Your instructions ::
The response should consist of every line below, restated exactly, with no pictures.

The data ::
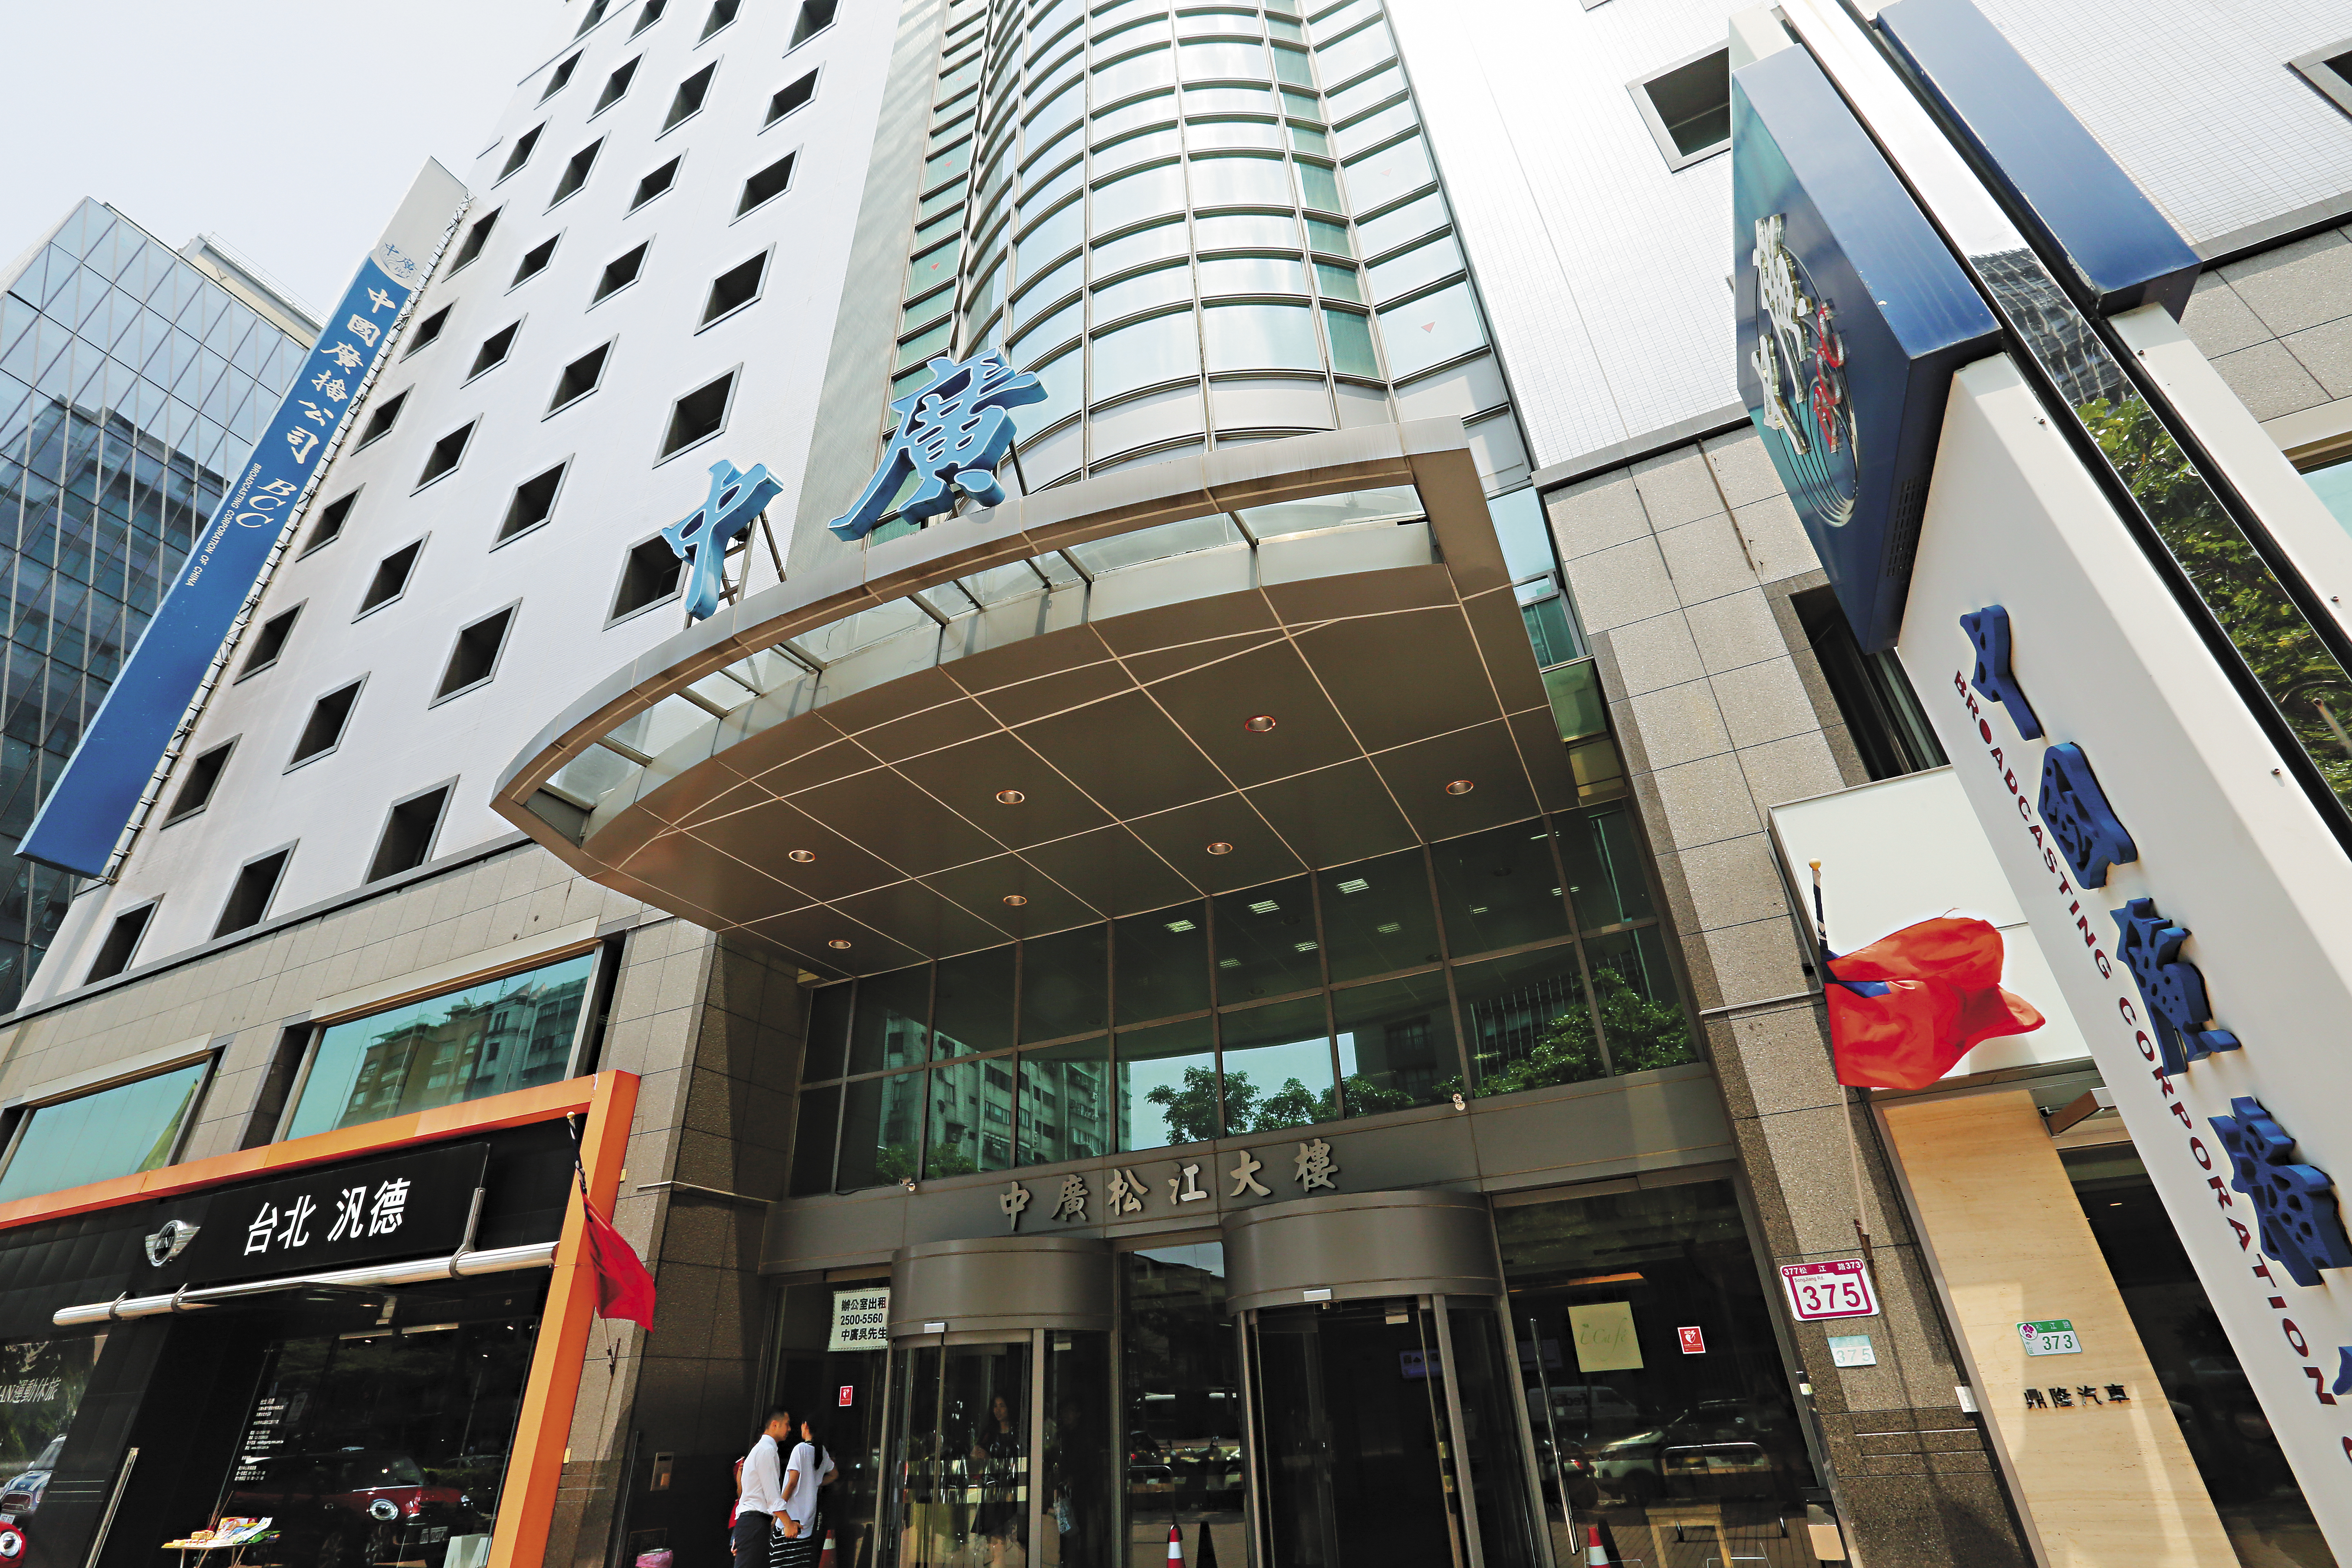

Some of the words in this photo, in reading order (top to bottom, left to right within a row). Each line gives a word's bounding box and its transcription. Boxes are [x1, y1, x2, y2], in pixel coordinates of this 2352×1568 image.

[385, 243, 417, 270] 中廣
[1752, 214, 1815, 455] 中廣
[287, 287, 395, 464] 中國廣播公司
[1813, 299, 1845, 453] BCC
[231, 463, 262, 509] BROADCASTING
[660, 347, 1048, 621] 中廣
[235, 478, 297, 528] BCC
[205, 510, 235, 554] CORPORATION
[199, 555, 209, 566] OF
[185, 566, 203, 587] CHINA
[1960, 604, 2352, 1396] 中國廣播
[1953, 670, 2113, 980] BROADCASTING
[2118, 996, 2338, 1406] CORPORATION
[999, 1138, 1339, 1231] 中廣松江大樓
[244, 1195, 316, 1256] 台北
[327, 1178, 411, 1242] 汎德
[1799, 1263, 1846, 1274] 松江路
[1845, 1261, 1862, 1270] 373
[841, 1297, 886, 1312] 辦公室出租
[1803, 1282, 1861, 1311] 375
[840, 1313, 883, 1325] 2500-5560
[2035, 1321, 2071, 1330] 松江路
[841, 1327, 886, 1341] 中廣吳先生
[2042, 1334, 2073, 1350] 373
[1836, 1348, 1871, 1363] 375
[2024, 1383, 2130, 1409] 鼎隆汽車
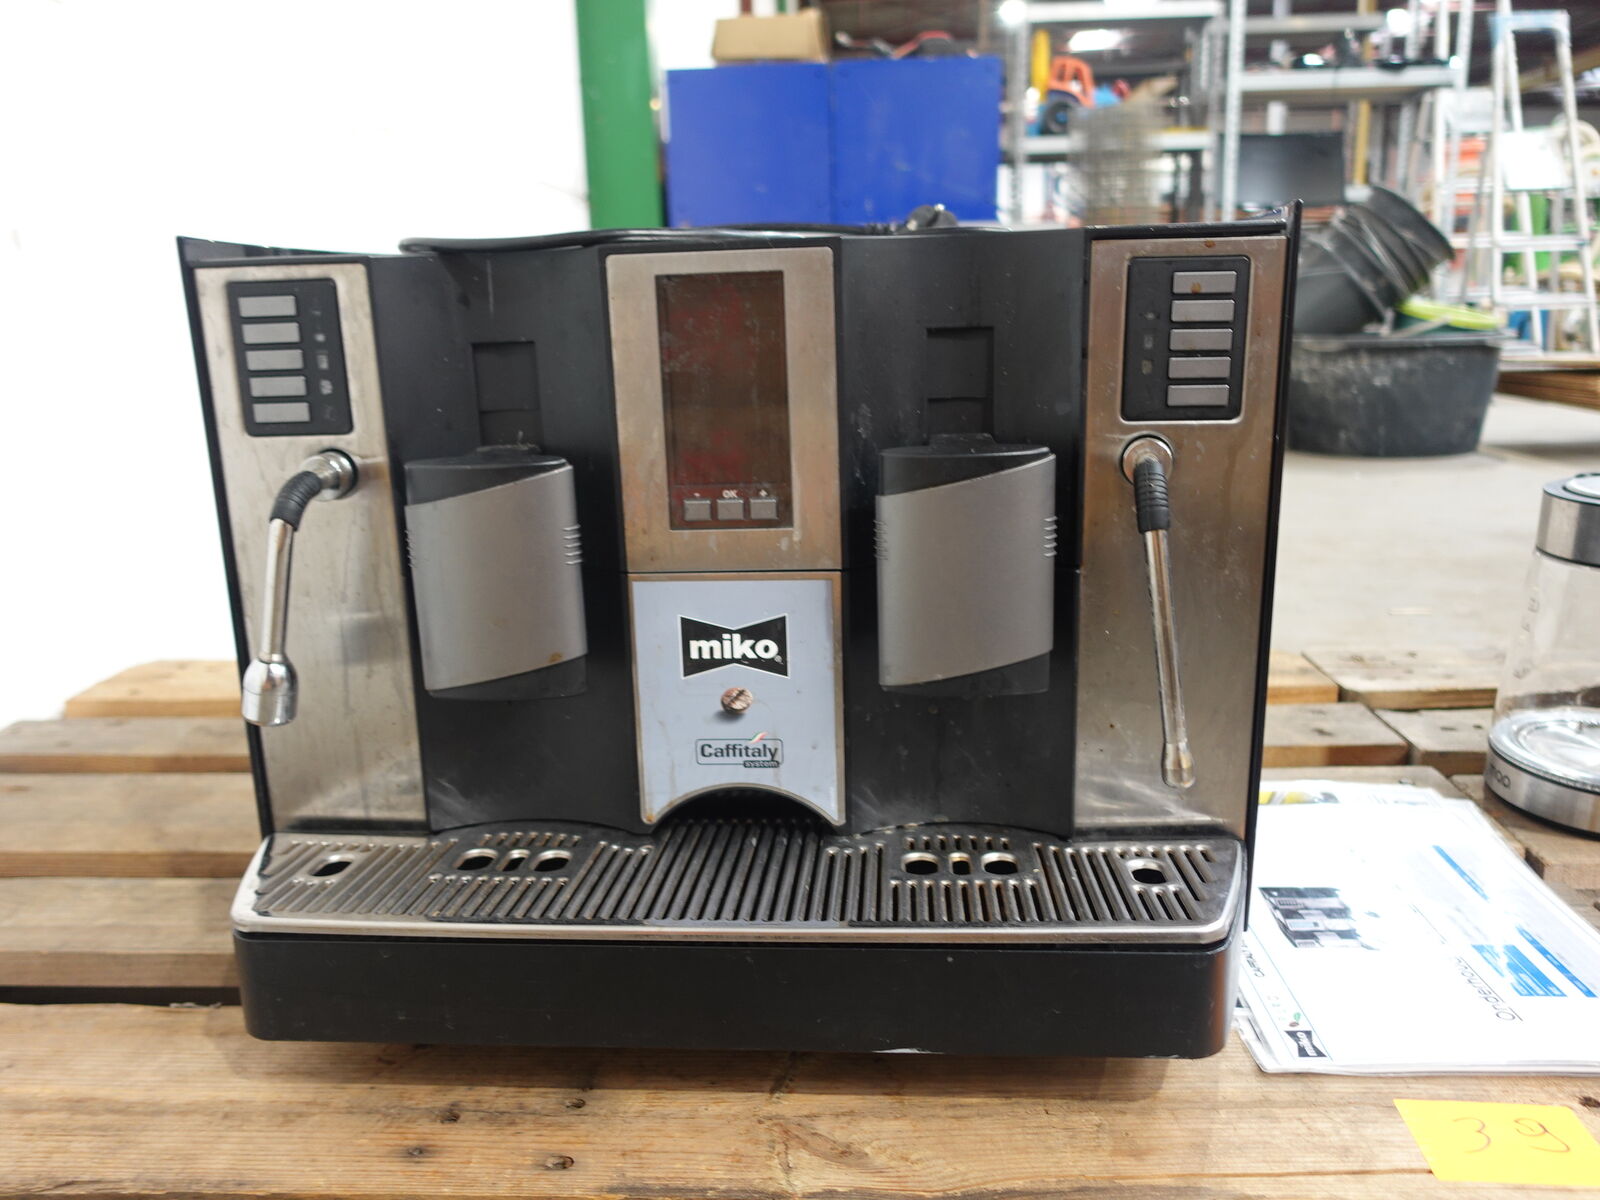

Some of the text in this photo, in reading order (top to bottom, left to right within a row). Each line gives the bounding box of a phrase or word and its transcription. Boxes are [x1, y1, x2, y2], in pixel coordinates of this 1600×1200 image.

Exercise response ::
Some of the words in this photo, in reading order (top to bottom, left to right within a row). Each line gives a word's bounding box and its transcription. Boxes are [x1, y1, x2, y2], in pixel coordinates of this 2352×1568 image.

[385, 243, 417, 270] 中廣
[1752, 214, 1815, 455] 中廣
[287, 287, 395, 464] 中國廣播公司
[1813, 299, 1845, 453] BCC
[231, 463, 262, 509] BROADCASTING
[660, 347, 1048, 621] 中廣
[235, 478, 297, 528] BCC
[205, 510, 235, 554] CORPORATION
[199, 555, 209, 566] OF
[185, 566, 203, 587] CHINA
[1960, 604, 2352, 1396] 中國廣播
[1953, 670, 2113, 980] BROADCASTING
[2118, 996, 2338, 1406] CORPORATION
[999, 1138, 1339, 1231] 中廣松江大樓
[244, 1195, 316, 1256] 台北
[327, 1178, 411, 1242] 汎德
[1799, 1263, 1846, 1274] 松江路
[1845, 1261, 1862, 1270] 373
[841, 1297, 886, 1312] 辦公室出租
[1803, 1282, 1861, 1311] 375
[840, 1313, 883, 1325] 2500-5560
[2035, 1321, 2071, 1330] 松江路
[841, 1327, 886, 1341] 中廣吳先生
[2042, 1334, 2073, 1350] 373
[1836, 1348, 1871, 1363] 375
[2024, 1383, 2130, 1409] 鼎隆汽車

Some of the text in this photo, in reading order (top to bottom, left to right within a row). Each line gives the bounding box of a phrase or word and its transcription. Boxes are [x1, y1, x2, y2], in pixel coordinates of this 1600×1200 image.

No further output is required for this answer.